Stationnements prolongés: la vignette, pas un sauf-conduit absolu, dit la Cour

Une vignette de stationnement de la Ville de Québec n’est pas un sauf-conduit absolu, rappelle la cour municipale, en maintenant l’amende et les frais de remorquage d’une résidante du quartier Saint-Jean-Baptiste, qui avait laissé son auto garée durant 11 jours.

Le 27 juin 2018, Renée Auclair part pour le chalet avec son conjoint. Plutôt que d’amener la voiture dans son garage, la dame laisse le véhicule garé en bordure de sa petite rue du quartier Saint-Jean-Baptiste, comme le lui permet sa vignette de stationnement. 
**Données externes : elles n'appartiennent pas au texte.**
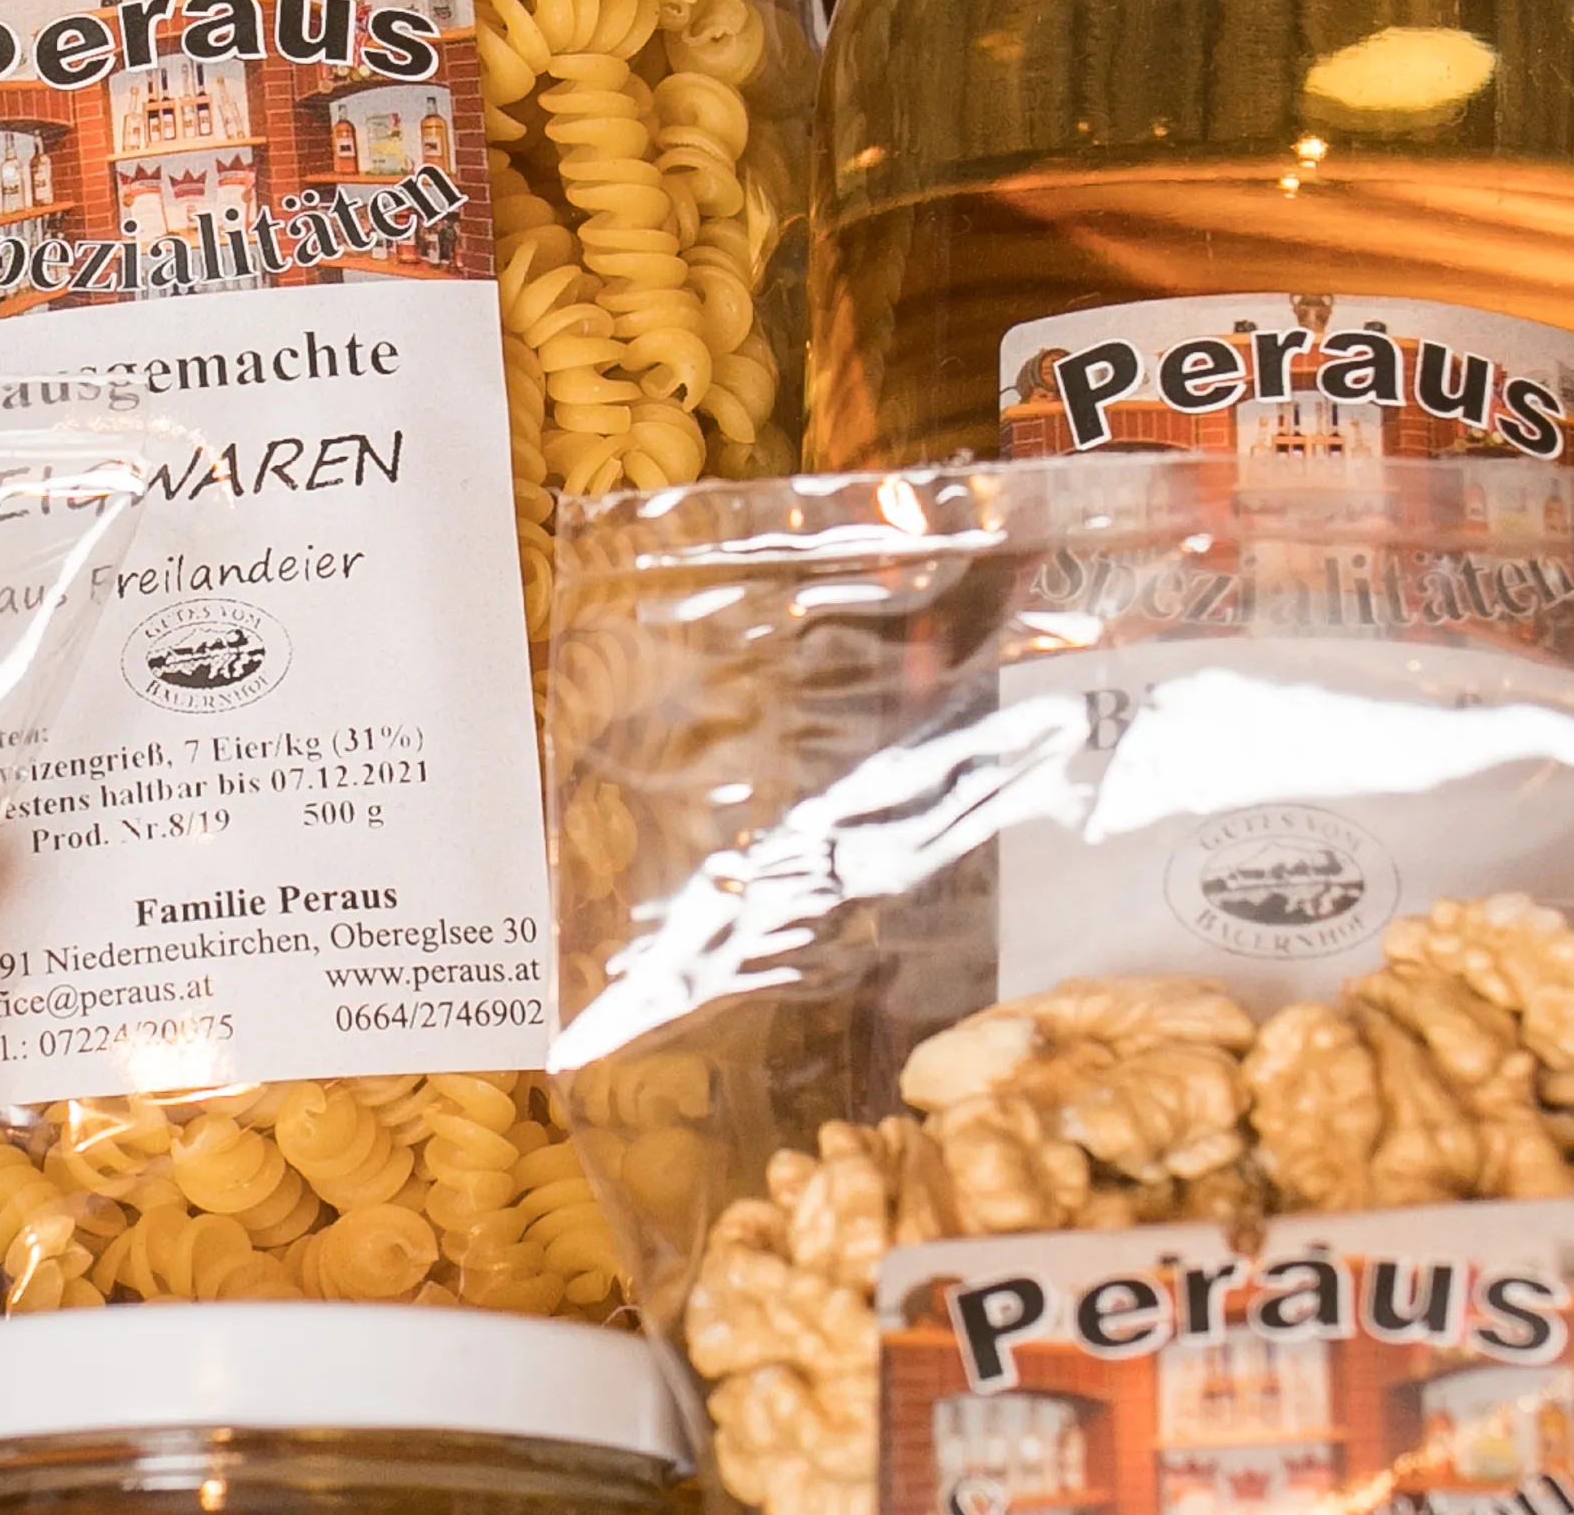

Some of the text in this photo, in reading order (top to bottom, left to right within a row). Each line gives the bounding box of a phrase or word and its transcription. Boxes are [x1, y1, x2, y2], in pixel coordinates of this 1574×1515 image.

[1053, 325, 1566, 459] Peraus
[91, 544, 366, 602] Freilandeier
[185, 739, 200, 764] 7
[212, 732, 323, 762] Eier/kg
[331, 723, 424, 759] (31%)
[101, 779, 208, 808] haltbar
[219, 772, 261, 796] bis
[271, 759, 428, 793] 07.12.2021
[32, 822, 109, 854] Prod.
[303, 800, 356, 827] 500
[368, 804, 385, 829] g
[134, 885, 399, 928] Familie Peraus
[44, 927, 321, 975] Niederneukirchen,
[331, 918, 494, 953] Obereglsee
[502, 916, 538, 945] 30
[324, 958, 542, 993] www.peraus.at
[336, 998, 545, 1033] 0664/2746902
[948, 1253, 1570, 1394] Peraus
Le 3 juillet, les cols bleus installent des panneaux interdisant le stationnement à cet endroit en raison de travaux. Les policiers tentent de joindre Mme Auclair sur son téléphone et en cognant chez elle. 
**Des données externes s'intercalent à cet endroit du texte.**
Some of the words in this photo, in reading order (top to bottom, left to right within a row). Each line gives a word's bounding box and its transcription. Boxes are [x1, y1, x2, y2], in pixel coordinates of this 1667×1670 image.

Devant l’absence de réponse, le véhicule est remorqué.

Renée Auclair revient chez elle le 7 juillet et ne retrouve plus sa voiture là où elle l’avait laissée.
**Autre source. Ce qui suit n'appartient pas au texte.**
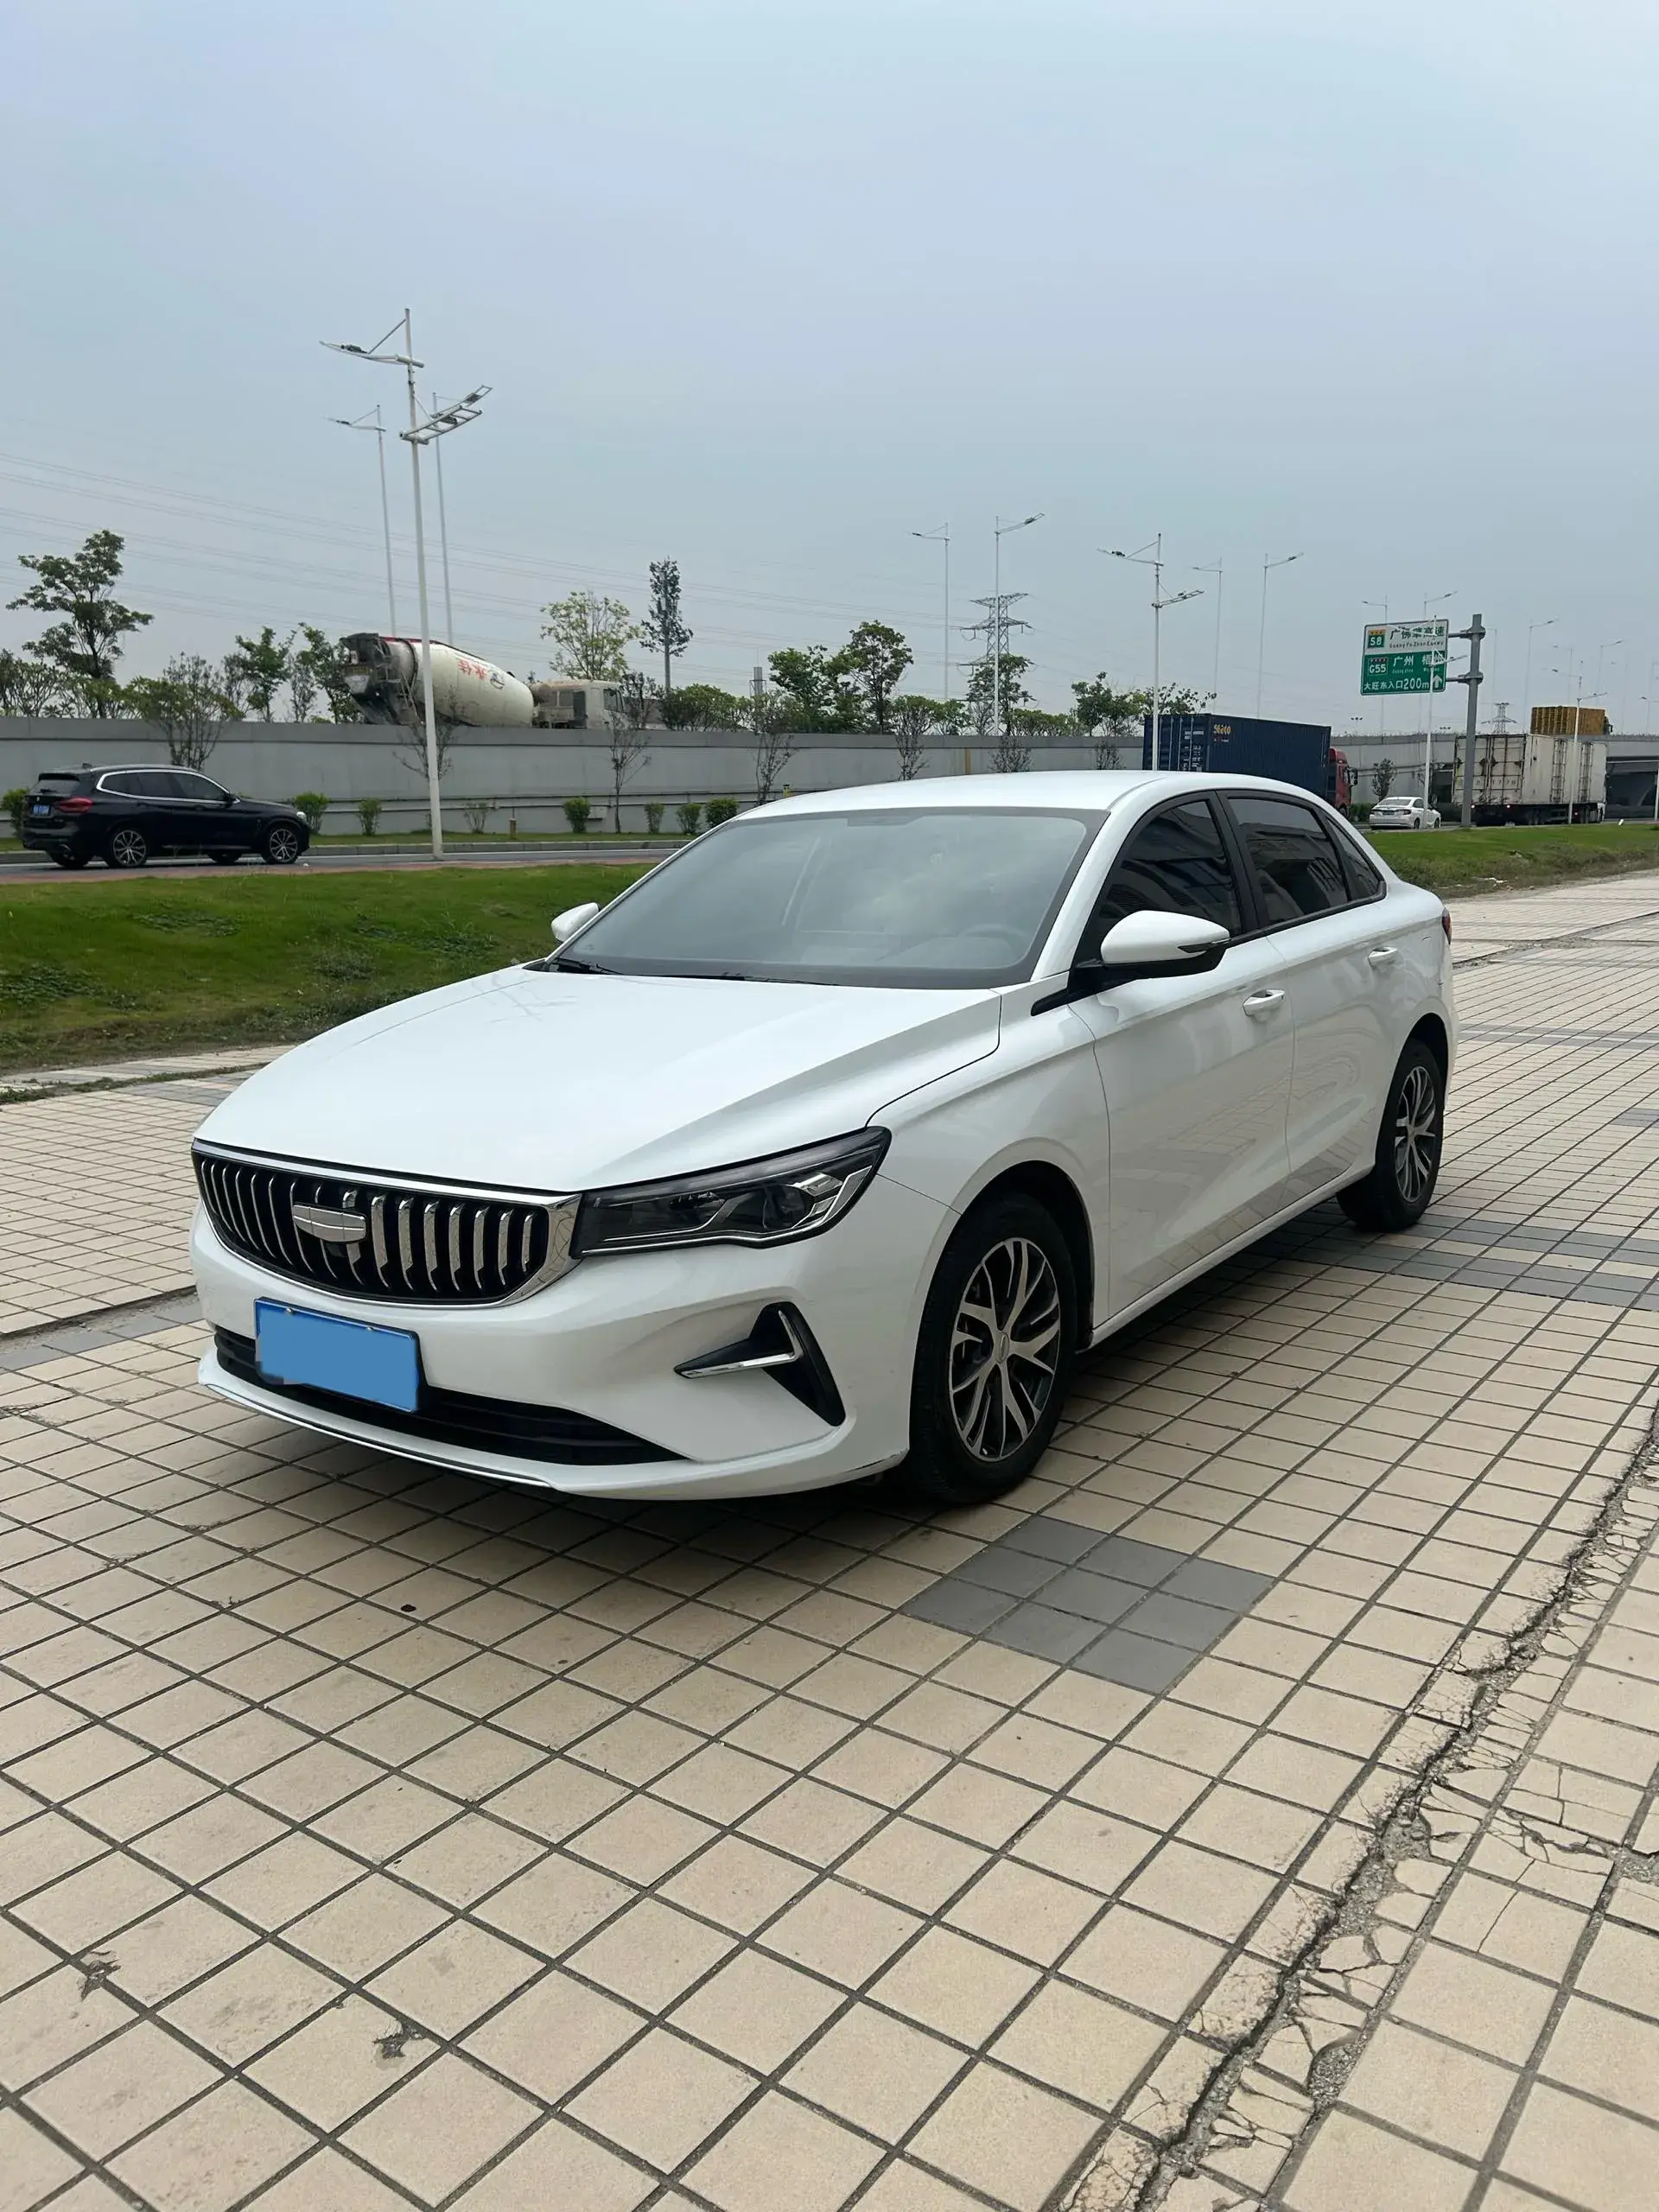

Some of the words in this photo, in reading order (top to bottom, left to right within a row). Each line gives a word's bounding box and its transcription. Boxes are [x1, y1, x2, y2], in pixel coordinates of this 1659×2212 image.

[1370, 636, 1382, 646] S8
[1393, 655, 1414, 667] 广州
[1369, 664, 1386, 674] G55
Elle a décidé de contester le billet d’infraction de 100 $ et les frais de remorquage. 

Déneigement impossible

Devant la Cour municipale, la résidante a fait valoir qu’elle avait laissé sa voiture stationnée à une période de l’année où les opérations de déneigement sont impossibles. Le nettoyage printanier était aussi terminé depuis longtemps. Bref, elle ne pouvait prévoir aucun motif pour lequel le stationnement allait être interdit.

Le règlement municipal qui encadre les vignettes de stationnement ne limite pas la durée de temps durant laquelle un véhicule peut rester stationné le long de la rue. Il n’impose pas non plus au détenteur de vérifier, à une fréquence donnée, si la signalisation a changé.

«Le Tribunal est d’avis qu’il n’y a rien de déraisonnable, dans un centre urbain comme Québec, que le propriétaire ou l’utilisateur d’une automobile laisse celle-ci en stationnement sur la rue, près de chez lui, plusieurs jours consécutifs sans la déplacer, écrit le juge Paulin Cloutier de la Cour municipale. Cette personne peut ne pas avoir besoin de se déplacer. Elle peut aussi se déplacer à pied, à bicyclette, en utilisant le transport en commun ou autrement.»

Par contre, ajoute le juge Cloutier, cette même personne ne peut ignorer que, dans un milieu urbain, des bris et des travaux peuvent survenir à tout moment dans l’année.

«Celui qui stationne le véhicule doit être prévenant, estime le juge. Cette anticipation et cette prévoyance font partie de la diligence qu’il doit manifester.»

La résidante de Saint-Jean-Baptiste a laissé son véhicule stationné en se fiant seulement à la validité de son permis, note le juge Cloutier. Personne n’était chargé de déplacer l’auto au besoin. Certes, la résidante ignorait que la signalisation avait changé, pointe le juge. Mais dans les circonstances, son ignorance ne peut être qualifiée de «raisonnable» en raison de son manque de prévoyance.

La dame devra donc payer l’amende de 100 $ et les frais de remorquage, conclut la cour municipale.

À l’heure actuelle, il y a 13 337 vignettes de stationnement sur rue sur le territoire de la Ville de Québec.